Eating more fibre is a great way to keep your digestive system healthy, but most of us eat only 12g of fibre a day, a long way short of the recommended 18g. As you know, it prevents constipation and 'keeps you regular' but fibre is doubly good because the best sources of fibre are the foods you should be eating more of anyway: starchy carbohydrates, fruit and veg.
Fantastic fibre
Fibre is divided into two types:
- Insoluble: your body can’t digest insoluble fibre but it’s useful because it helps everything else you’ve eaten move smoothly through your digestive system. That means less chance of constipation and, because it’s not digested it makes you feel full, which means you eat less.
Sources: wholegrain bread and wholegrain breakfast cereals, fruit and veg.
- Soluble: soluble fibre is digested and could help to lower blood cholesterol and control blood glucose levels.
Sources: oats, and pulses like beans and lentils.
We’re all so busy these days, it seems there’s rarely time to eat properly.

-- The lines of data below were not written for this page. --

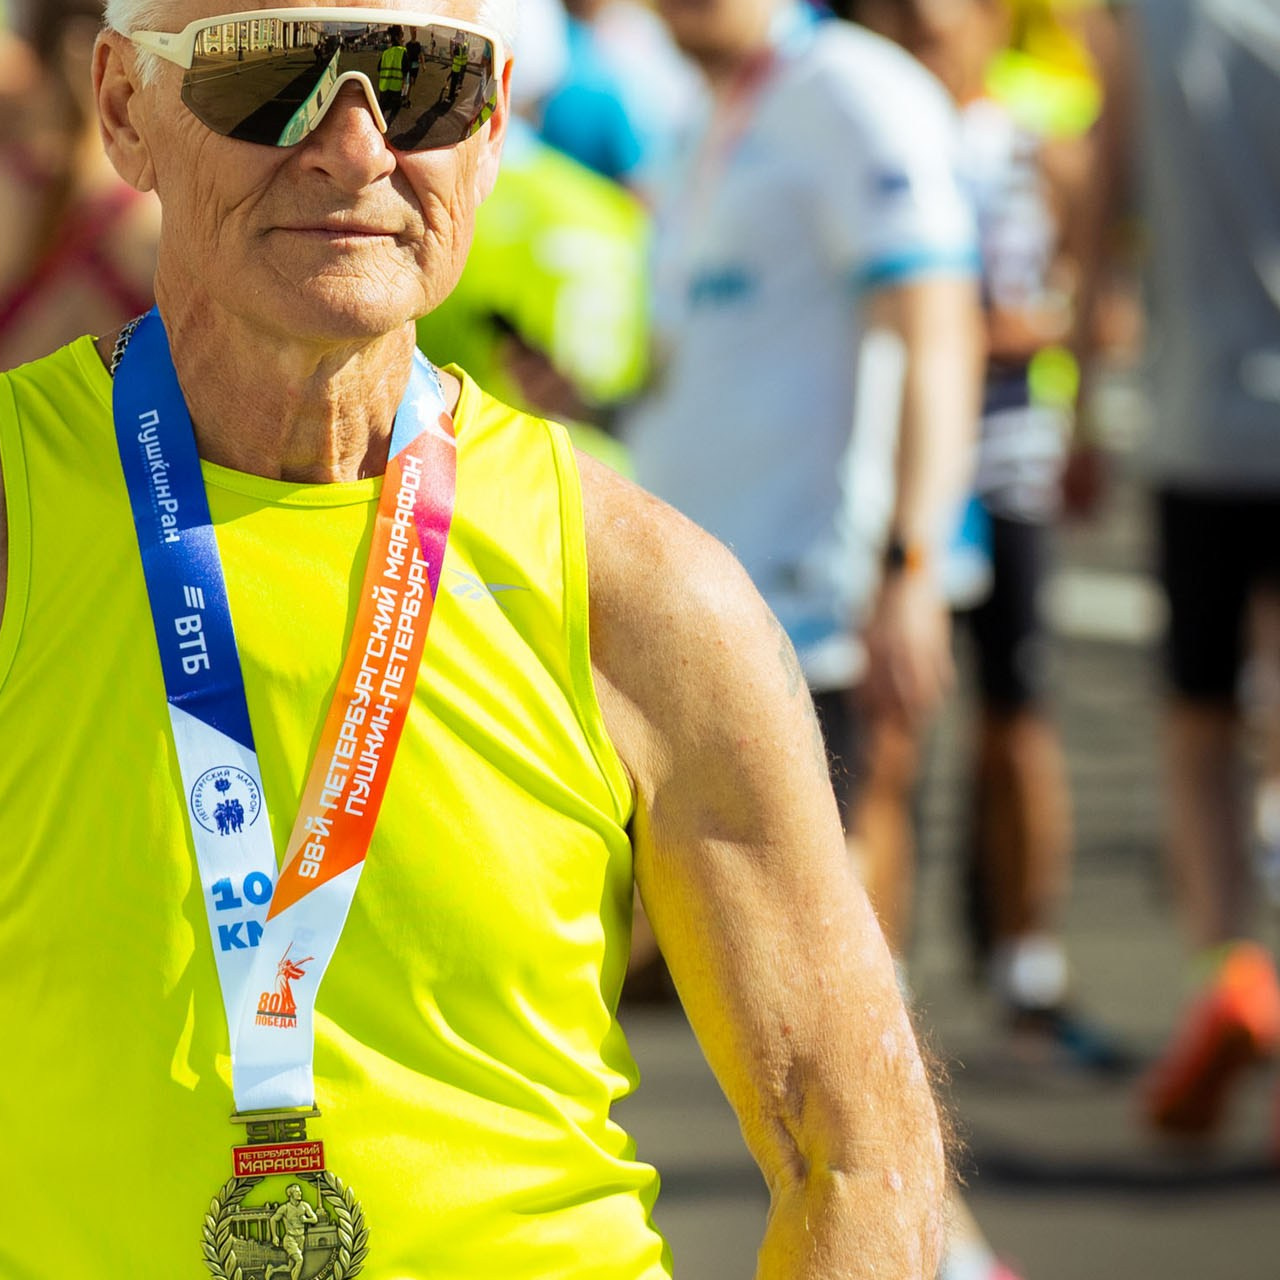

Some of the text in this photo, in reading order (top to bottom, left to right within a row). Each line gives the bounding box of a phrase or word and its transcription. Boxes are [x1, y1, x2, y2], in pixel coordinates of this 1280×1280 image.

[174, 614, 210, 675] ВТБ
[298, 454, 423, 879] 98-Й ПЕТЕРБУРГСКИЙ МАРАФОН
[345, 548, 429, 816] ПУШКИН-ПЕТЕРБУРГ
[195, 769, 257, 821] ПЕТЕРБУРГСКИЙ МАРАФОН
[211, 871, 273, 911] 10
[257, 992, 280, 1011] 80
[255, 1015, 297, 1028] ПОБЕДА!
[246, 1118, 307, 1145] 98
[238, 1144, 320, 1160] ПЕТЕРБУРГСКИЙ
[240, 1156, 321, 1173] МАРАФОН

That’s a problem for two reasons:
You grab something you can eat on-the-run rather than a choosing a good, balanced meal and taking time to enjoy it.

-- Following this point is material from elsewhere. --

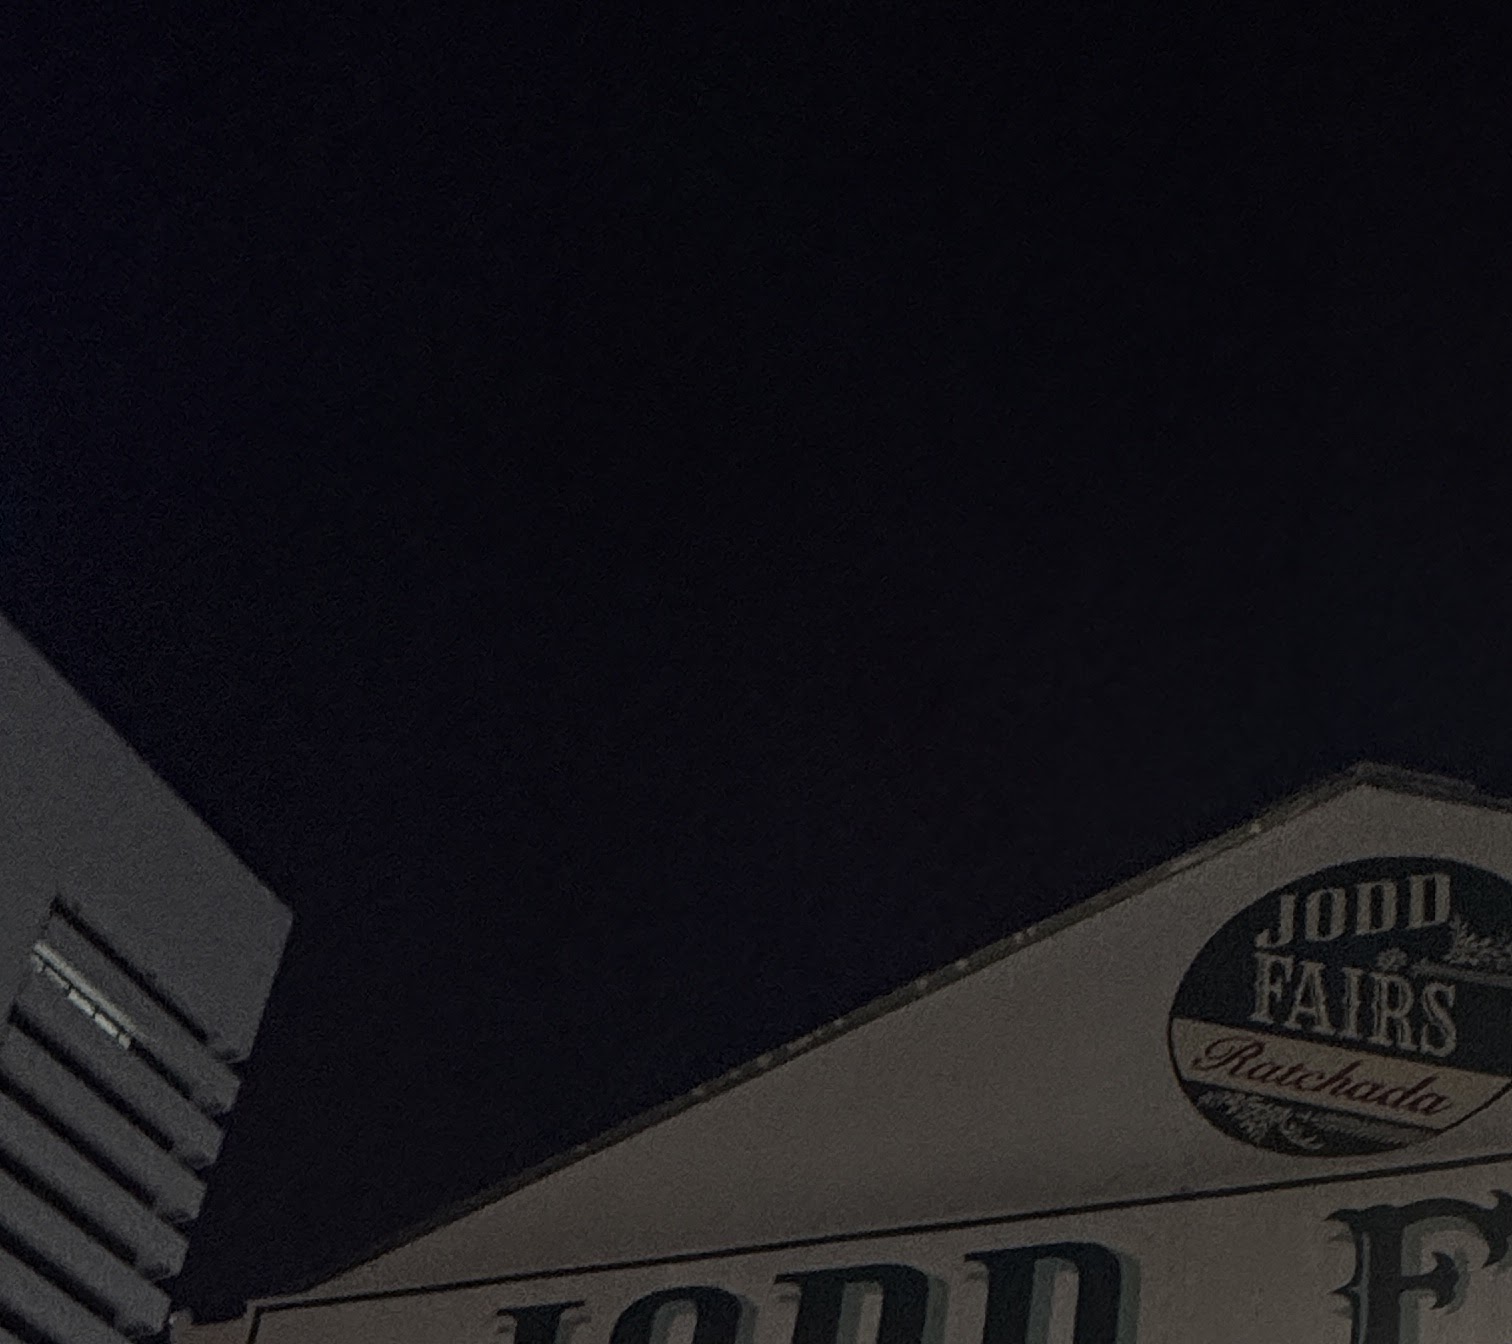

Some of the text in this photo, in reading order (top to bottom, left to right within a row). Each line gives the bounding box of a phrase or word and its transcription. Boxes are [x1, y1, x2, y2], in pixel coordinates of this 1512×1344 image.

[1255, 872, 1453, 948] JODD
[1249, 950, 1459, 1058] FAIRS
[1191, 1036, 1454, 1117] Ratchada

Being busy often means being stressed, and stress means poor digestion because your body shuts down digestion to concentrate on the brain and other vital organs.

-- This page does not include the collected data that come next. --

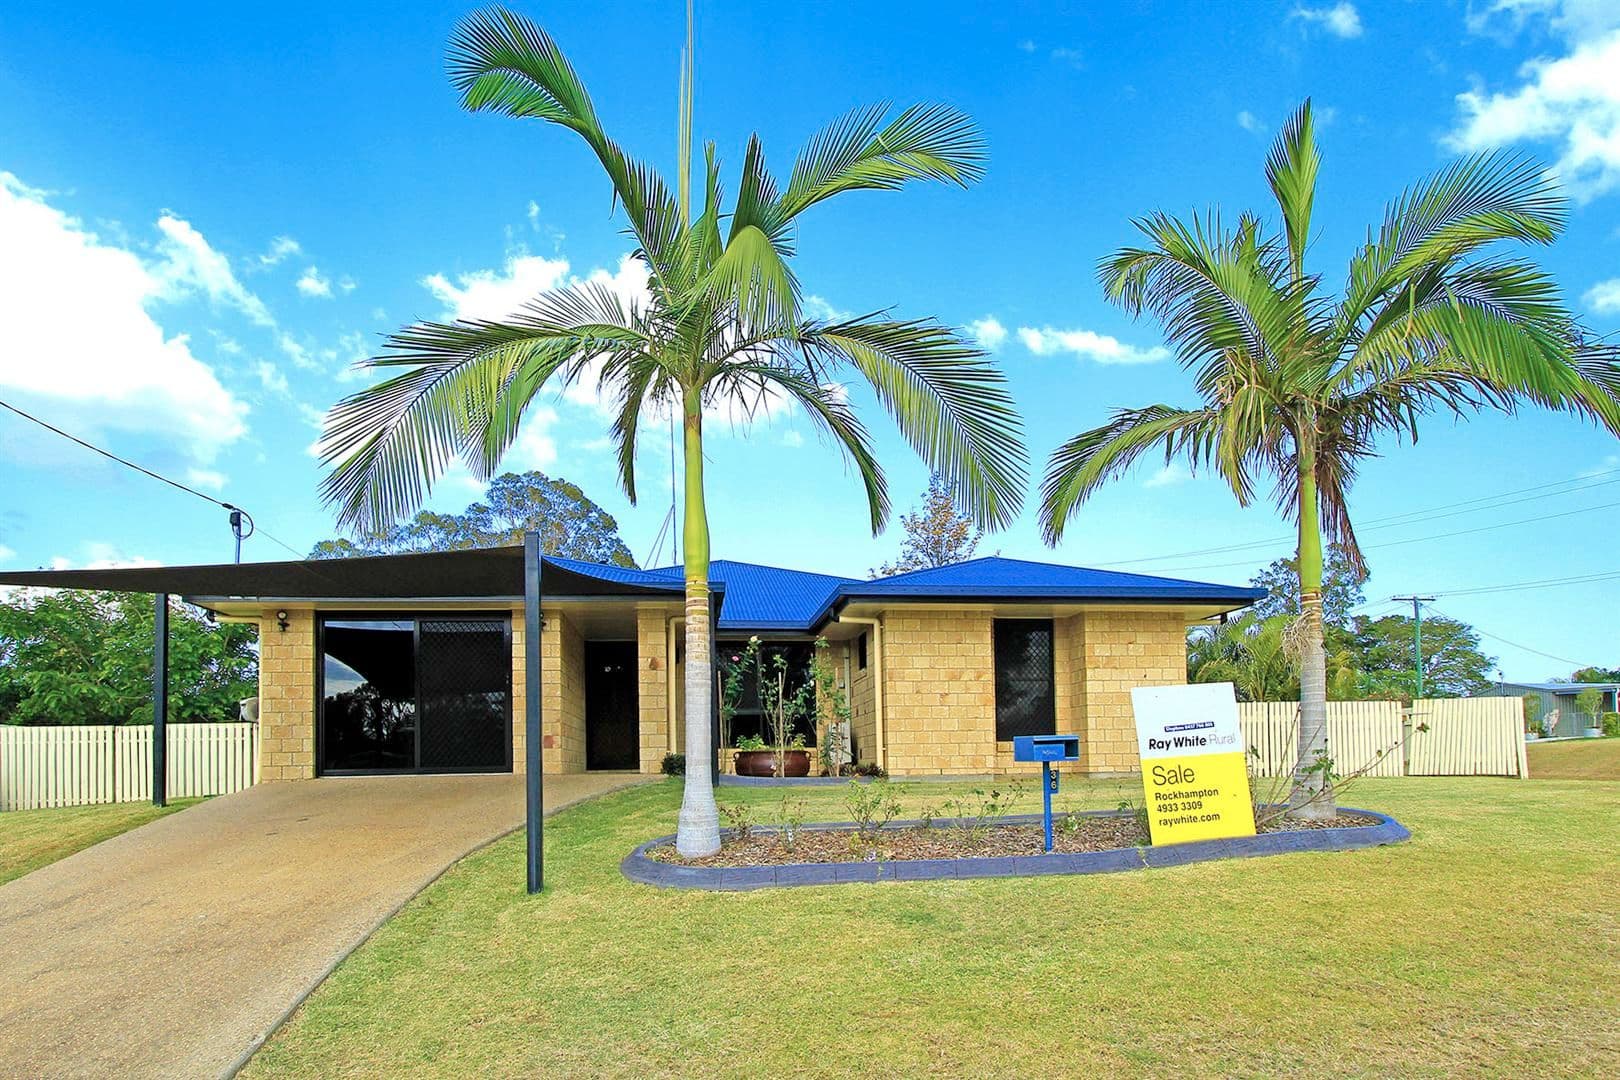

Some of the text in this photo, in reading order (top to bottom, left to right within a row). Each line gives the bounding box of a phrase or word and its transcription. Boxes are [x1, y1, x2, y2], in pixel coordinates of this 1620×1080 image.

[1149, 733, 1236, 751] Ray White Rural
[1152, 764, 1195, 786] Sale
[1155, 788, 1219, 801] Rockhampton
[1157, 800, 1203, 813] 4933 3309
[1159, 813, 1221, 827] raywhite.com

Enjoy yourself - and digestive health
- Make more time for meals: take half an hour to eat lunch and choose a balanced meal.
- Make more time for yourself: if you can’t take half an hour at lunch, try to find another time during the day where you can do something relaxing: sit in the park, go for a swim, play golf, listen to music – whatever you enjoy doing.
A healthy diet helps you deal with stress too. Wholegrains and green, leafy vegetables are rich in
B vitamins, which help you relax.
Don’t eat a heavy, rich meal within 3 hours of bedtime. When you go to sleep, your digestive system slows down too, so eating a big meal before bed means your digestive system has to work through the night. This means you don’t get a good night’s sleep for two reasons:
Digestion requires energy so you could struggle
to get to sleep, then wake up feeling exhausted.
Digesting just before bed means your blood
sugar levels are rising, making you more alert,
when you should be winding down.
Snoozing snacks
If you need to nibble on something before bed, try a banana with some nuts and seeds (helps stabilise your blood sugar levels, which means better quality sleep) or lettuce (it contains lactucarium, which promotes deeper, more restful sleep.)